▶ _WORK INSTRUCTIONS_
From the line that includes "this 1600×1200 image." down to the final line of the data below, copy every line exactly and leave the rest out.

*** Opening SUPPLIED ENTRIES ***

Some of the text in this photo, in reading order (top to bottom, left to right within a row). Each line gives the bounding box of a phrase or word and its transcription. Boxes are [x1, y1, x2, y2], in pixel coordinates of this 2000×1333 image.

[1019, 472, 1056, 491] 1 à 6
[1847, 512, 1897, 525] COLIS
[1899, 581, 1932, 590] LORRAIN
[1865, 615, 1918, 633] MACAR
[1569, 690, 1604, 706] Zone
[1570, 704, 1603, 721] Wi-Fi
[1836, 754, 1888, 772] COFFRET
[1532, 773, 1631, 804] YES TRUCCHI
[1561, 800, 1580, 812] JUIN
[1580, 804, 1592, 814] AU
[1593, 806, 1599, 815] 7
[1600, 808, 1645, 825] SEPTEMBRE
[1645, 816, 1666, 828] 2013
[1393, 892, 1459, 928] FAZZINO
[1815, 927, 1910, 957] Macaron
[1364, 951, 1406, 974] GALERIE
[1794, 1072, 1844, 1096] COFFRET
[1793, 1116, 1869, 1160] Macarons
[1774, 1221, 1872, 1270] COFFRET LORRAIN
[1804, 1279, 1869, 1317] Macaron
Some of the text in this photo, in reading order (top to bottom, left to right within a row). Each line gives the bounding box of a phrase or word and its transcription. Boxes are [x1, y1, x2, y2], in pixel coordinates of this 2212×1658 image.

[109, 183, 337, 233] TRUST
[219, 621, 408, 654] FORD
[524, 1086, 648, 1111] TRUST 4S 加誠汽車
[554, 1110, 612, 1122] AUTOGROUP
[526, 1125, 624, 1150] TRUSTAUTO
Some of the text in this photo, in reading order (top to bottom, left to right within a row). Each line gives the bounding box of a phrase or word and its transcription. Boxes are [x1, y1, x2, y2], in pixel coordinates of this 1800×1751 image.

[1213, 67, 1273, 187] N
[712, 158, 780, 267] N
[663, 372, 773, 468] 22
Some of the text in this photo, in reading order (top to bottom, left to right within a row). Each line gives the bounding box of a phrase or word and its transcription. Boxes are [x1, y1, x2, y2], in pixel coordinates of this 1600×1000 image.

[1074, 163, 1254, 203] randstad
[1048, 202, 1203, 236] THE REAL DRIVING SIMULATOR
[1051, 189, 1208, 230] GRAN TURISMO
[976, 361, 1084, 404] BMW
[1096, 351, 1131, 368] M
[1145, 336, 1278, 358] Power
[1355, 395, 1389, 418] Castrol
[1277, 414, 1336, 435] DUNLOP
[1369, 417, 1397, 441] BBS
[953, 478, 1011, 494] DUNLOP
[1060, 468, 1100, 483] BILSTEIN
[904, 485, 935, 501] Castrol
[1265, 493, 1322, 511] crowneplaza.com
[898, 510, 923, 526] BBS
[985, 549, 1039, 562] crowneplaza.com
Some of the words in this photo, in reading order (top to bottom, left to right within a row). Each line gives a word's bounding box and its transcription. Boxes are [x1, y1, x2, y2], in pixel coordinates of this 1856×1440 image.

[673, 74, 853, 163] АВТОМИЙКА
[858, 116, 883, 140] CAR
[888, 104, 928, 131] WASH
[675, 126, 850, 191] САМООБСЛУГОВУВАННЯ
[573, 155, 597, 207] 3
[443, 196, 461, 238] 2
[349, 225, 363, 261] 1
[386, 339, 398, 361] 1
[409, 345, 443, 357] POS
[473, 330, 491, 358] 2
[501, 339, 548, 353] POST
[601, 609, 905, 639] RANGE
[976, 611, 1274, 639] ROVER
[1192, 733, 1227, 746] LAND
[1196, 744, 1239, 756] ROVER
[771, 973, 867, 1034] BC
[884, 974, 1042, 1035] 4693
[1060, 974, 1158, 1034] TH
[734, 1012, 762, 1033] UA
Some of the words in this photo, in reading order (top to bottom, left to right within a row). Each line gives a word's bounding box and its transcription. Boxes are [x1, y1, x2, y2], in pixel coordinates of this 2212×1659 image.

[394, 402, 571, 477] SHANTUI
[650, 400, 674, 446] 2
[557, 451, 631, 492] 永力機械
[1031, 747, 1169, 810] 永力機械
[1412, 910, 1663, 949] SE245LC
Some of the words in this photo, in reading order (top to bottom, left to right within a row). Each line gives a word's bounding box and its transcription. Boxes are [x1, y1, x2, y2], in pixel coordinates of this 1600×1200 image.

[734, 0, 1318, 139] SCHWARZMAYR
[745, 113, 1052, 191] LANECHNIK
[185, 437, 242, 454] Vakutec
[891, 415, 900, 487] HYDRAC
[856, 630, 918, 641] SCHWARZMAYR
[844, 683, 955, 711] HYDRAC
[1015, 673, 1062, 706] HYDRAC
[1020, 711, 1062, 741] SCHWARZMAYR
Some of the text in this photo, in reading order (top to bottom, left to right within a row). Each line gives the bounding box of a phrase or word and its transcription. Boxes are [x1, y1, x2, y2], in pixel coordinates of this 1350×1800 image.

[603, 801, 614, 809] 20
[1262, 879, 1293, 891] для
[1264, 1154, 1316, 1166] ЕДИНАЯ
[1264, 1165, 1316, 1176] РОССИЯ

*** Closing SUPPLIED ENTRIES ***

▶ _ANSWER TO THIS EXERCISE_
Some of the words in this photo, in reading order (top to bottom, left to right within a row). Each line gives a word's bounding box and its transcription. Boxes are [x1, y1, x2, y2], in pixel coordinates of this 1600×1200 image.

[734, 0, 1318, 139] SCHWARZMAYR
[745, 113, 1052, 191] LANECHNIK
[185, 437, 242, 454] Vakutec
[891, 415, 900, 487] HYDRAC
[856, 630, 918, 641] SCHWARZMAYR
[844, 683, 955, 711] HYDRAC
[1015, 673, 1062, 706] HYDRAC
[1020, 711, 1062, 741] SCHWARZMAYR
Some of the text in this photo, in reading order (top to bottom, left to right within a row). Each line gives the bounding box of a phrase or word and its transcription. Boxes are [x1, y1, x2, y2], in pixel coordinates of this 1350×1800 image.

[603, 801, 614, 809] 20
[1262, 879, 1293, 891] для
[1264, 1154, 1316, 1166] ЕДИНАЯ
[1264, 1165, 1316, 1176] РОССИЯ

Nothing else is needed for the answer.